GIVEN RECORDS ::

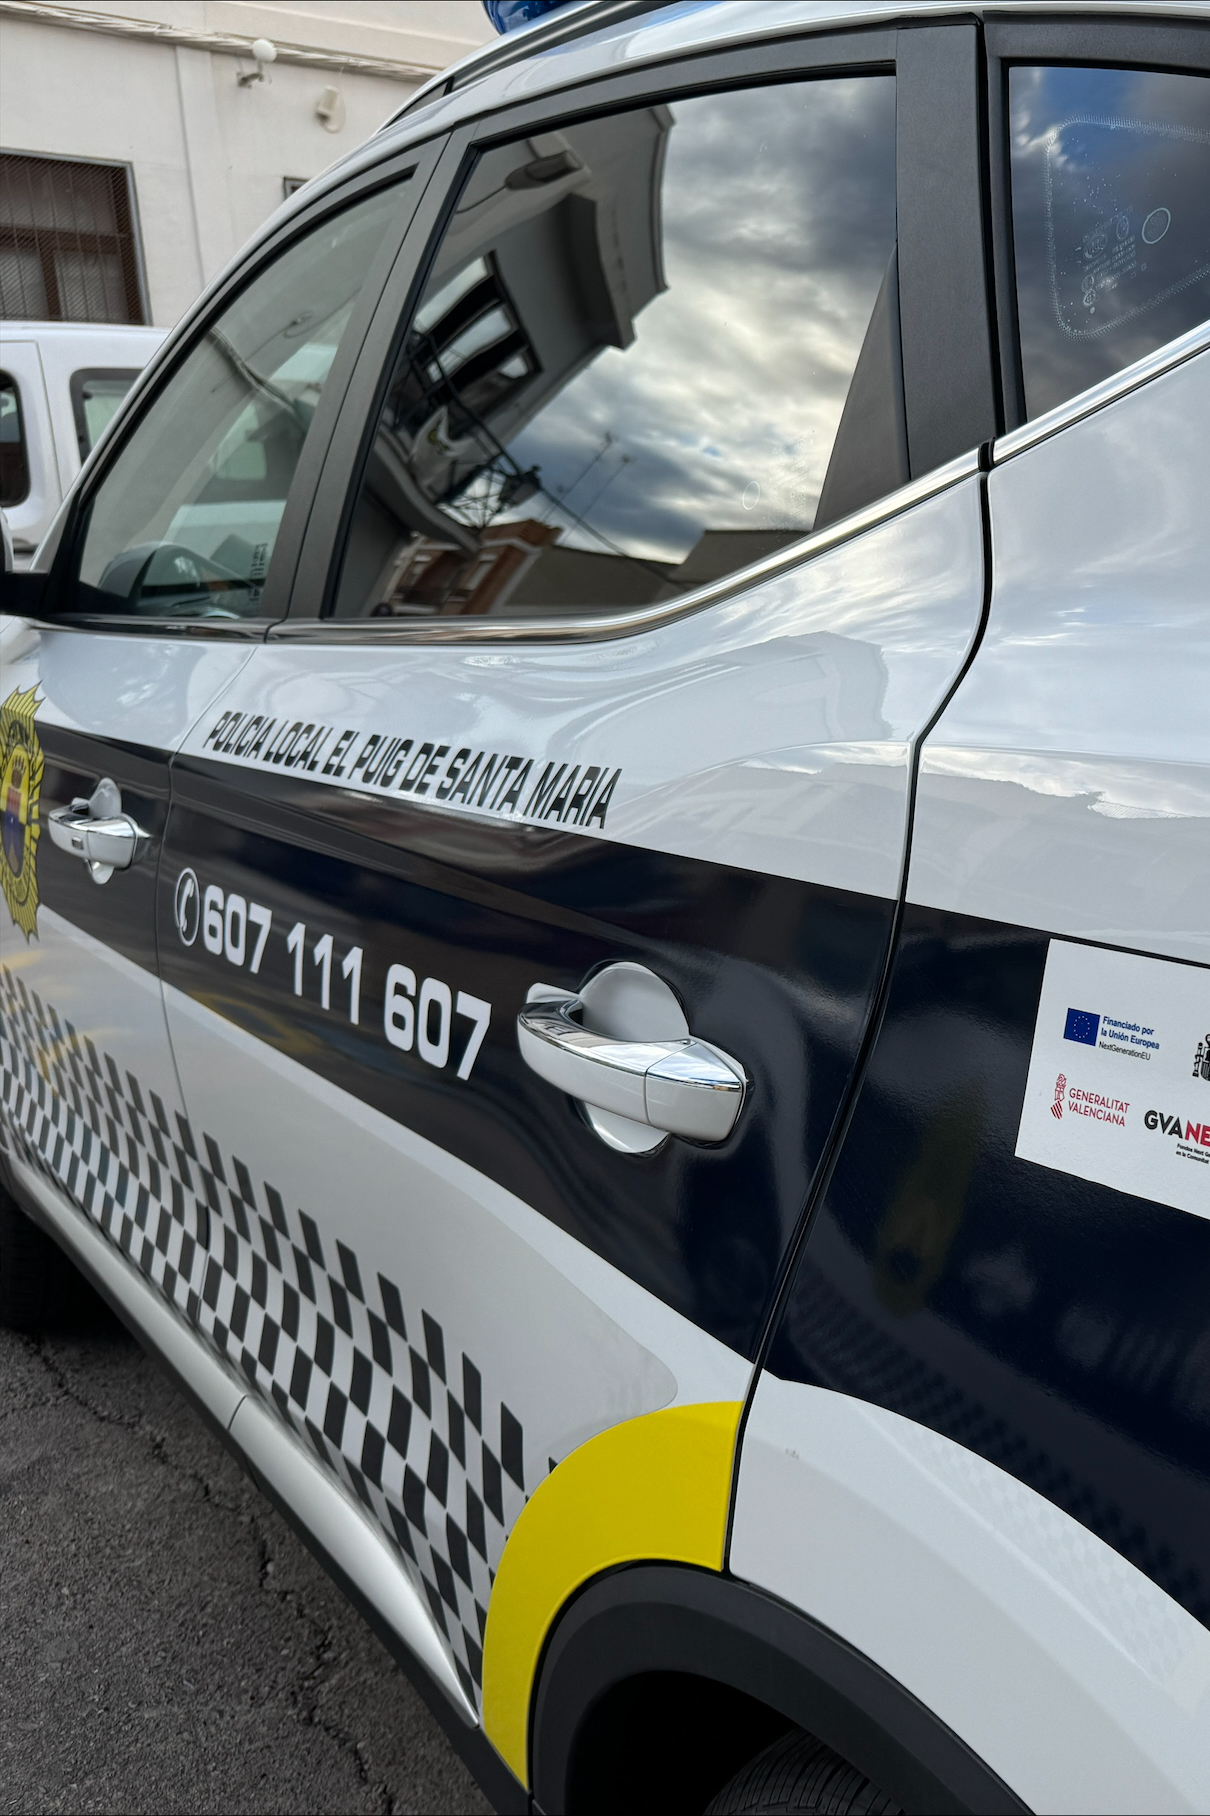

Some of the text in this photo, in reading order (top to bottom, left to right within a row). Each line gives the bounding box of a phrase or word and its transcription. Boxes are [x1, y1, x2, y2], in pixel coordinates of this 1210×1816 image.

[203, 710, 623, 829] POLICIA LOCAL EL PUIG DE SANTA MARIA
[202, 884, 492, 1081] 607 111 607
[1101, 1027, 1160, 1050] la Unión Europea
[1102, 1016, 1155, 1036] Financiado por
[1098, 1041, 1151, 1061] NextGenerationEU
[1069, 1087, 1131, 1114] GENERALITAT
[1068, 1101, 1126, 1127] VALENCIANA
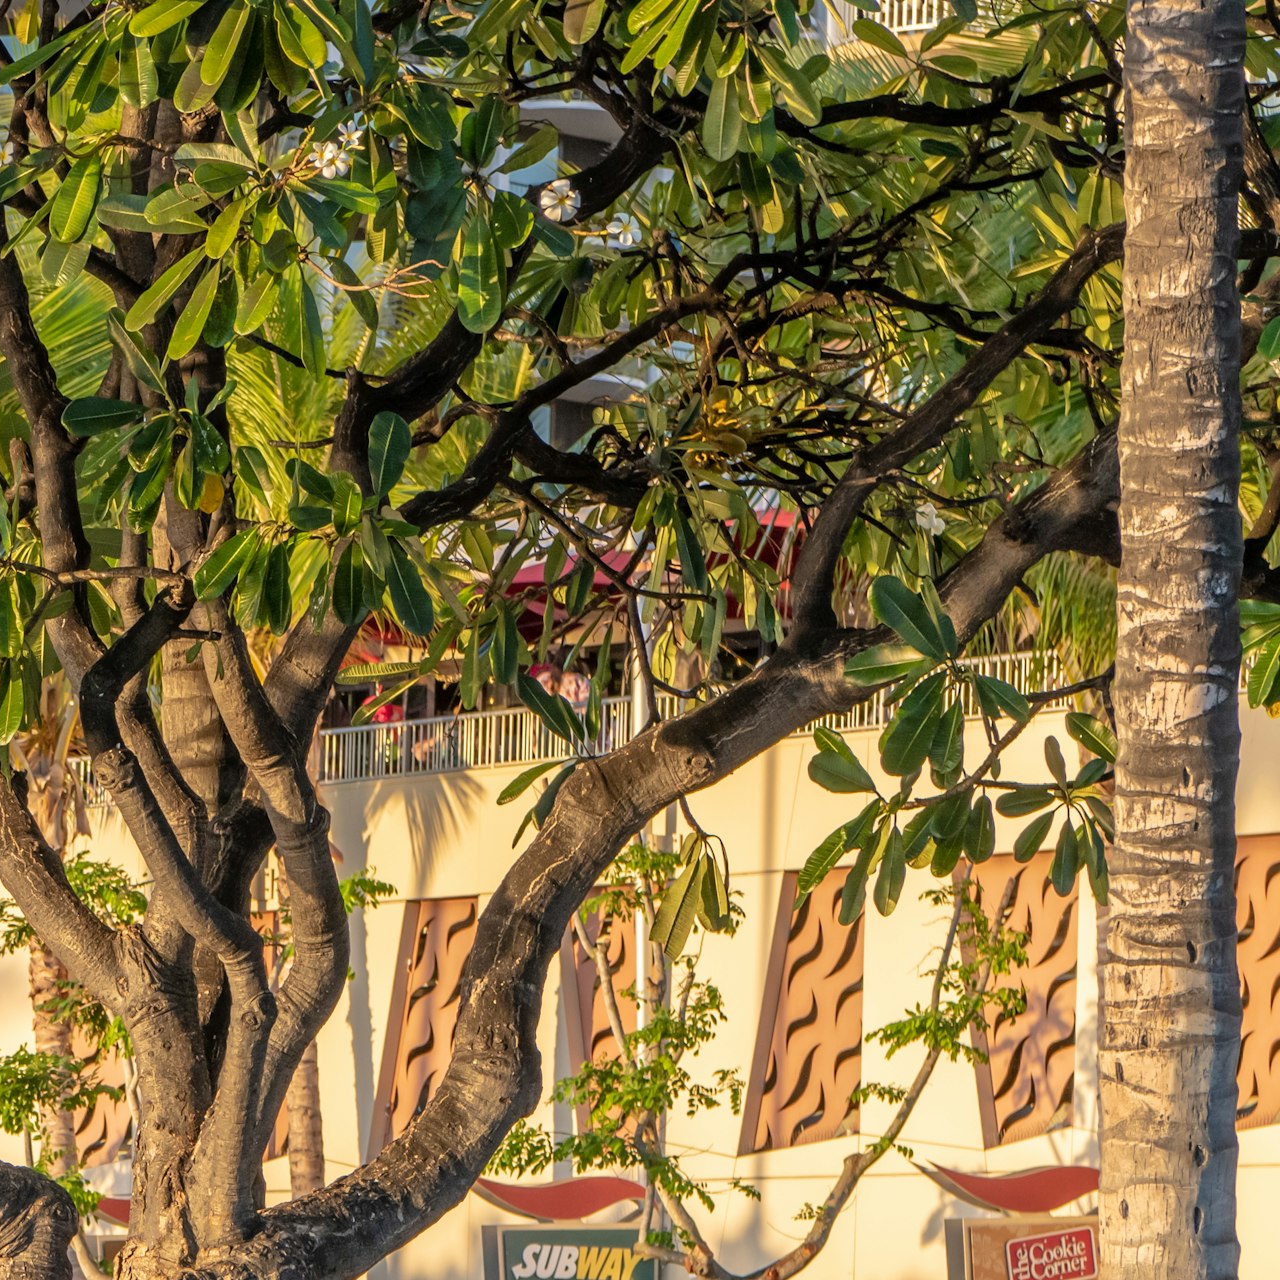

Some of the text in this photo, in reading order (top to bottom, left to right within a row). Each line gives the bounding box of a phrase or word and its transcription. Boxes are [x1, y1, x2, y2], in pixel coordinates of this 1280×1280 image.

TASK ITEM ::
Would you please print out all the records above exactly, minus any pictures?

EXERCISE ANSWER ::
Some of the text in this photo, in reading order (top to bottom, left to right within a row). Each line gives the bounding box of a phrase or word and its transcription. Boxes are [x1, y1, x2, y2], in pixel coordinates of this 1210×1816 image.

[203, 710, 623, 829] POLICIA LOCAL EL PUIG DE SANTA MARIA
[202, 884, 492, 1081] 607 111 607
[1101, 1027, 1160, 1050] la Unión Europea
[1102, 1016, 1155, 1036] Financiado por
[1098, 1041, 1151, 1061] NextGenerationEU
[1069, 1087, 1131, 1114] GENERALITAT
[1068, 1101, 1126, 1127] VALENCIANA

Some of the text in this photo, in reading order (top to bottom, left to right within a row). Each line gives the bounding box of a phrase or word and its transcription. Boxes are [x1, y1, x2, y2], in pixel coordinates of this 1280×1280 image.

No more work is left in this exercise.